Eugène Beaudouin, un Janus du plan

L’indécision des chefs est la meilleure opportunité pour les officiers désireux de se distinguer. Le dilemme de la représentation française au Canada dut transpirer hors des cercles ministériels car Eugène Beaudouin proposa spontanément sa candidature en mars 1935. Comment Beaudouin apprit-il cette commande potentielle : officiellement, par le corps des Bâtiments civils, ou par l’intermédiaire de ses camarades québécois de l’École des Beaux-Arts ? Si la piste administrative est la plus crédible, il semble également plausible que son ami montréalais Marcel Parizeau ait eu vent du projet, notamment pour contrer son rival Ernest Cormier (Gournay 1990). Si Beaudouin finissait en 1935 plusieurs chantiers d’envergure, il est également probable que comme Cormier il ait cherché à obtenir ensuite tout nouveau projet qui lui permît de surmonter les effets croissants en France du marasme économique mondial—sans doute Beaudouin n’envisageant pas, contrairement à André Lurçat, l’émigration à la fois économique et idéologique en URSS (Joly et Joly 1995 : 264-97 ; Bellat 2007 : 264-97).

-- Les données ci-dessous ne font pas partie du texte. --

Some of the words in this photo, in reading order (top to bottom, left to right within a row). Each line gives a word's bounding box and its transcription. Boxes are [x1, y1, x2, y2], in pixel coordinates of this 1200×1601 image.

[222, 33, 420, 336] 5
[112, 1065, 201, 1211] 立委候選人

Or, au Quai d’Orsay, mettant un terme à une irrésolution qui devait commencer à devenir embarrassante, la candidature de Beaudouin fut aussitôt agréée. L’homme présentait a priori toutes les garanties susceptibles de rassurer une administration  : après avoir été l’un des plus brillants élèves d’Emmanuel Pontremoli (1865-1956) à l’École, il fut simultanément diplômé et 1e r Grand Prix de Rome en 1928. Nommé Architecte en chef des Bâtiments civils et Palais nationaux en 1933, il cadrait avec le profil habituel de l’architecte officiel ayant suivi la voix royale de la villa Médicis, revenu en France pour y suivre une carrière égrenant une liste confortable de réalisations officielles.

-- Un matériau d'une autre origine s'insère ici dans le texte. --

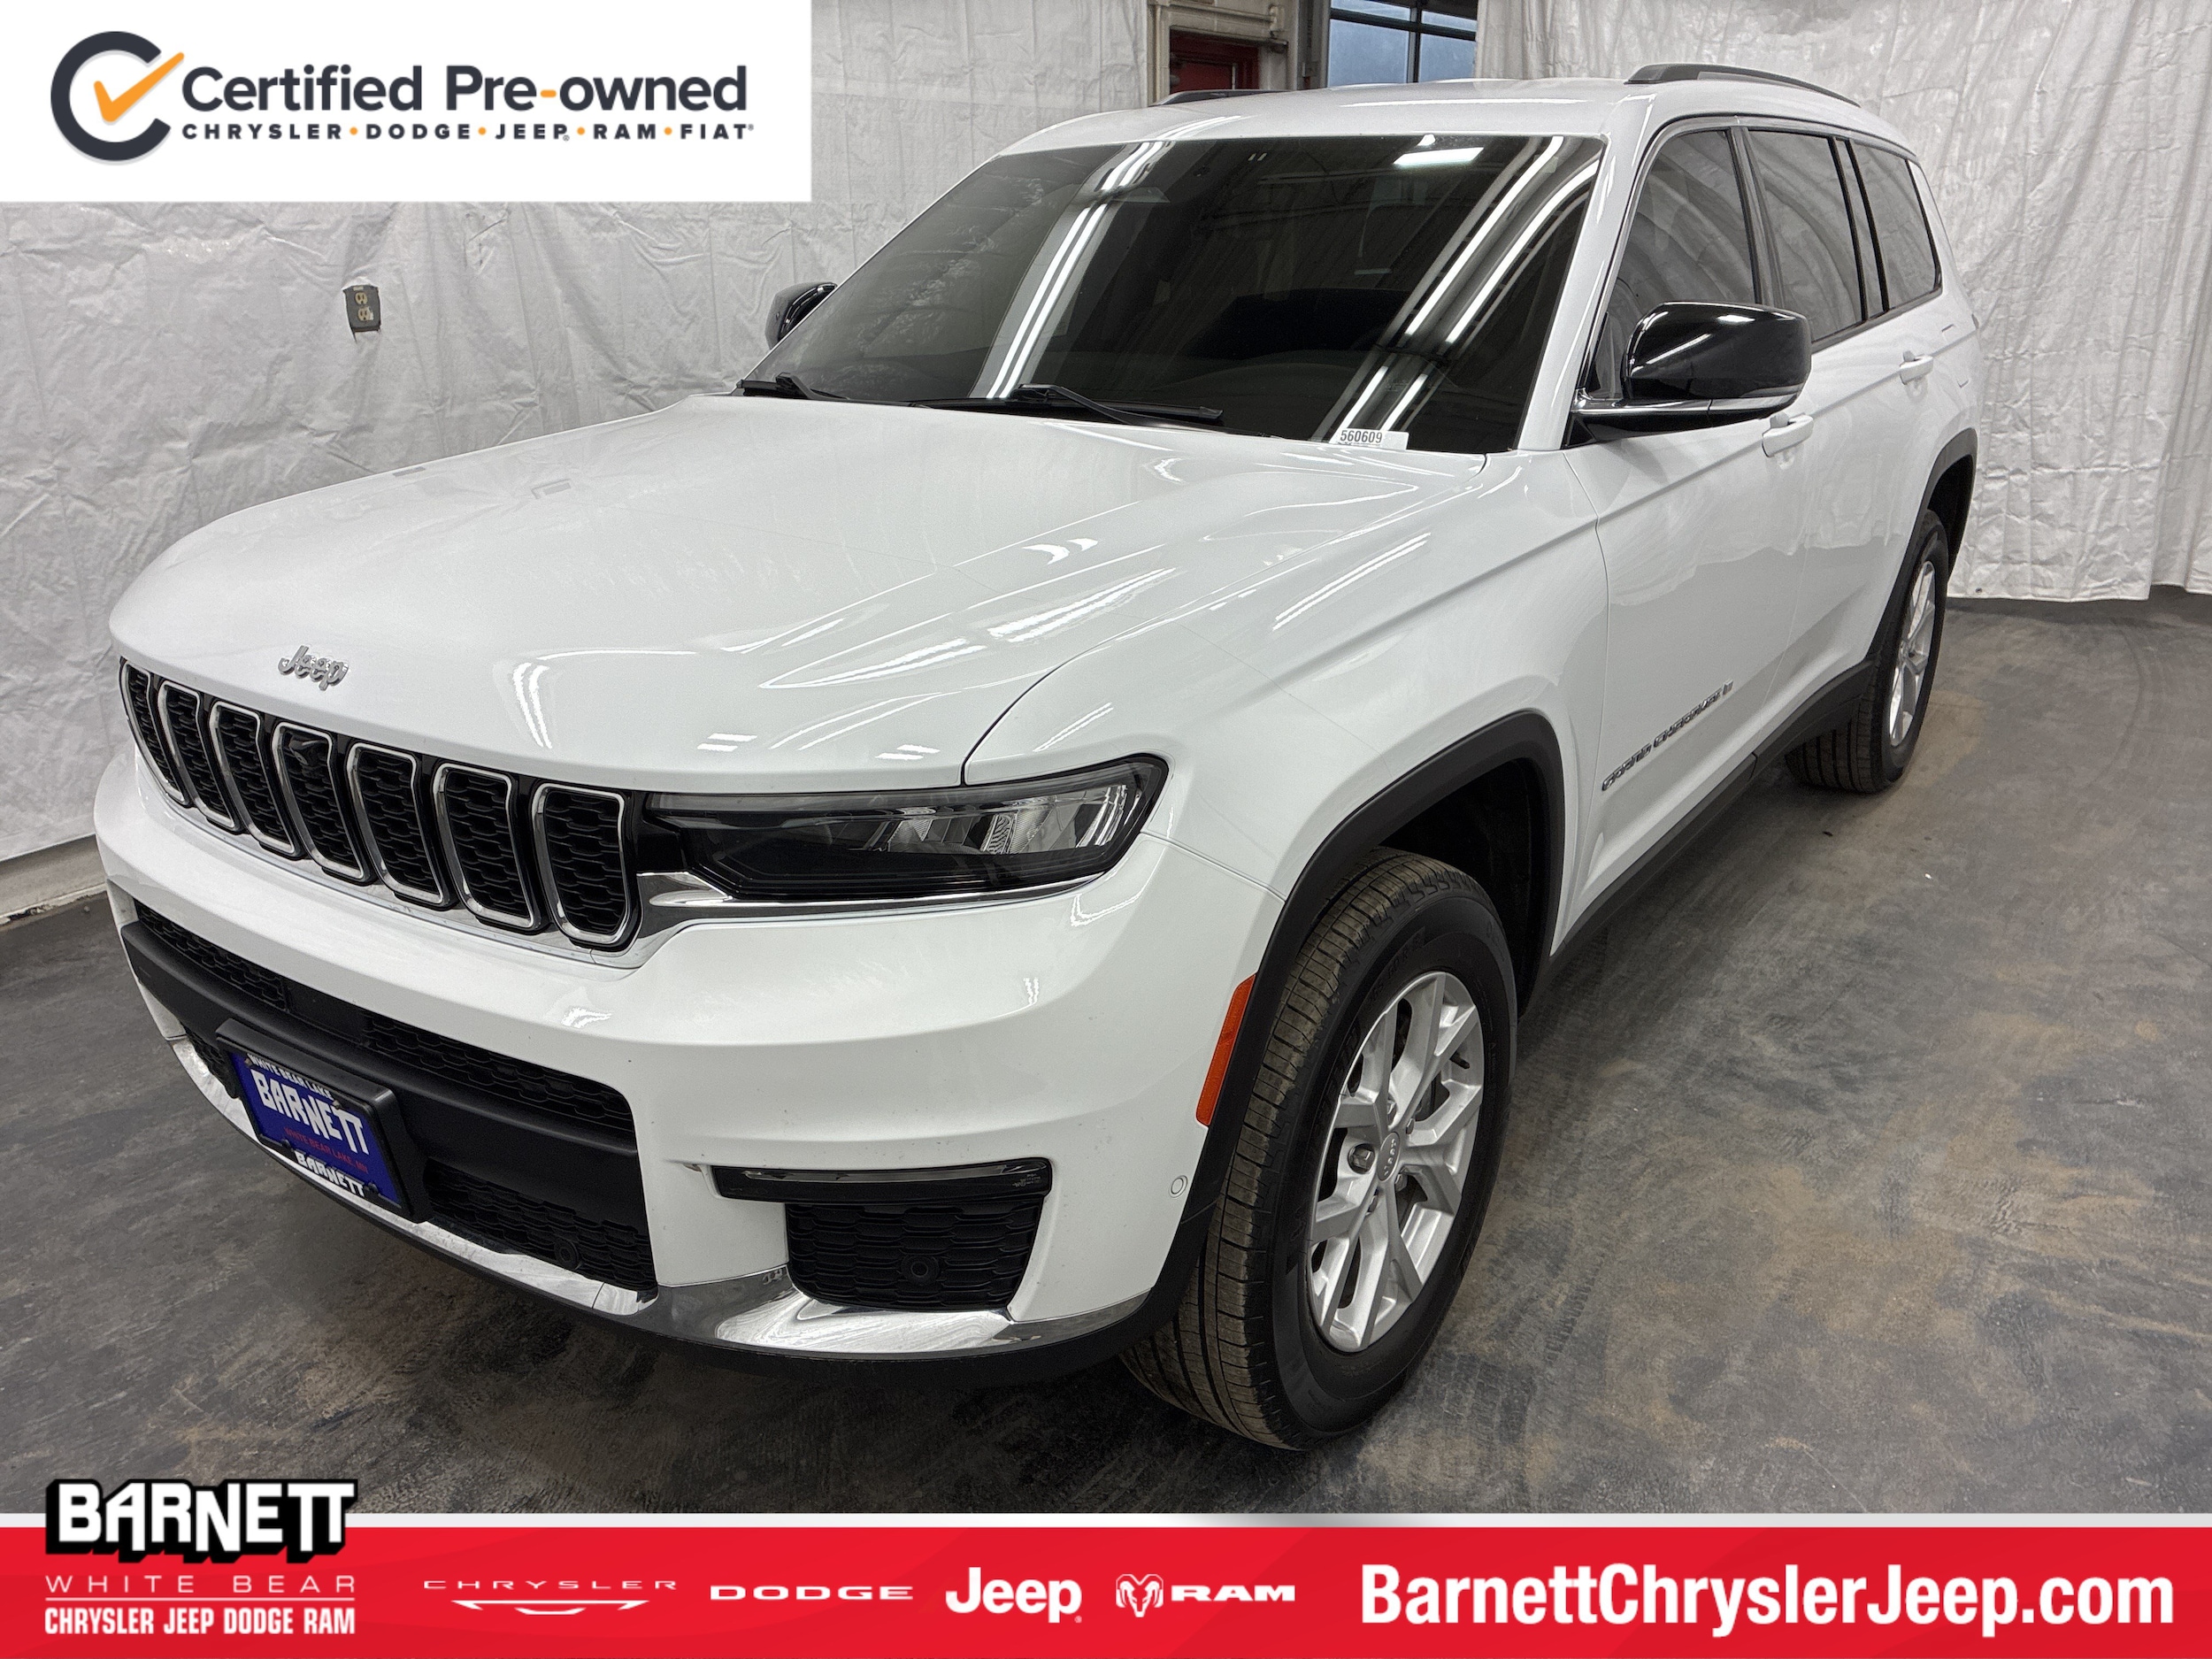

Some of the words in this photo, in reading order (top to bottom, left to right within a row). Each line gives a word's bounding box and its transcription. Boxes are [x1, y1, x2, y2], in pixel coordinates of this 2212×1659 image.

[1340, 429, 1383, 444] 560609
[277, 644, 349, 691] Jeep
[279, 1067, 307, 1088] BEAR
[250, 1069, 370, 1156] BARNETT
[294, 1150, 365, 1197] BARNETT

En outre, le Grand Prix de Beaudouin (Fig.  4) paraissait magnifiquement approprié, puisqu’il avait remporté le sésame romain sur le sujet d’un hôtel d’ambassade (Culot 1991 : 33- 41) ! Ce projet faisait montre d’un néo-classicisme majestueux, les solutions monumentales conventionnelles à ce type d’exercice Beaux-Arts y étant discrètement mais habilement modernisées par une entente des masses rigoureuse et un traitement épuré des façades. Au-dessus d’un puissant soubassement, la longue colonnade centrale relevait d’une tradition canonique de l’architecture à la française—le Louvre par Perrault, la place de la Concorde de Gabriel—tandis que les pavillons d’angle s’autorisaient une plus originale serlienne, le tout étant couronné d’un attique dont la sobriété spartiate s’approchait du néo-classicisme fin XVIIIe et début XIXe siècle. Beaudouin s’inclinait devant la continuité jalousement entretenue par des professeurs tels que Laloux ou Umbdenstock, tandis que certains éléments de sa solennelle composition trahissaient une pénétration circonspecte de la modernité—schizophrénie créatrice alors significative des tendances en jeu à l’École (Brucculeri cité dans Cohen 1997).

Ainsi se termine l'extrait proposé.